» EXERCISE INSTRUCTIONS
Filter this listing down to the lines that contain the word "Sticker", and copy them.
******************************
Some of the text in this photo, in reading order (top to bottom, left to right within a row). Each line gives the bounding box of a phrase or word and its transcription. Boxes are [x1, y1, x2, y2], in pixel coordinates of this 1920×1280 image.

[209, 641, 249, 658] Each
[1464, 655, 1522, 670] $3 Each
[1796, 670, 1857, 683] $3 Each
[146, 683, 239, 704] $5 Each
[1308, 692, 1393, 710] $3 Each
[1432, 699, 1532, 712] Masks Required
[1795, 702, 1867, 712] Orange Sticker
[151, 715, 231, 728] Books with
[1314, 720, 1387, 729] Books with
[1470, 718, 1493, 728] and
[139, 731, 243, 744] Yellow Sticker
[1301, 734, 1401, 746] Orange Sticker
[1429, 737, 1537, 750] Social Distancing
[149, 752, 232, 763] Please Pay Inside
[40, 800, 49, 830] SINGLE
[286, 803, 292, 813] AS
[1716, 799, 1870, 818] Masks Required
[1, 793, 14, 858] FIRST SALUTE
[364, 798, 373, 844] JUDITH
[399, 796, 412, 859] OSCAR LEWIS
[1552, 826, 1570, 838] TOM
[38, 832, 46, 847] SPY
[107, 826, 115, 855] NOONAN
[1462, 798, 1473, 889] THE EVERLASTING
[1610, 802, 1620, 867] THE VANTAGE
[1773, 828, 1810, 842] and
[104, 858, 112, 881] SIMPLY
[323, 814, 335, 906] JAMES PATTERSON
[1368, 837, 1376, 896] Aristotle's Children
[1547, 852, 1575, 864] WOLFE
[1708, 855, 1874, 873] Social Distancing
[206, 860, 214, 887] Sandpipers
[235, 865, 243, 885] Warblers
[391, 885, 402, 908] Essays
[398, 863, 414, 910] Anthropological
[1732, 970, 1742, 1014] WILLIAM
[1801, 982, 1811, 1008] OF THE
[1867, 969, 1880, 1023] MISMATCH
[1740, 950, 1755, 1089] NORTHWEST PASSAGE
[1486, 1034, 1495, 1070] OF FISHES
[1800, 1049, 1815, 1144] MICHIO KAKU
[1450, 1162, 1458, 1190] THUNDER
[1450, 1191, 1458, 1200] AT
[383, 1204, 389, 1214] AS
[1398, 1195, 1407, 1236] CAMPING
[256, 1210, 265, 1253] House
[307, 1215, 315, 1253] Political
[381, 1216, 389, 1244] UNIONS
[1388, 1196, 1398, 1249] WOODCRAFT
******************************
» RESPONSE AREA
[1795, 702, 1867, 712] Orange Sticker
[139, 731, 243, 744] Yellow Sticker
[1301, 734, 1401, 746] Orange Sticker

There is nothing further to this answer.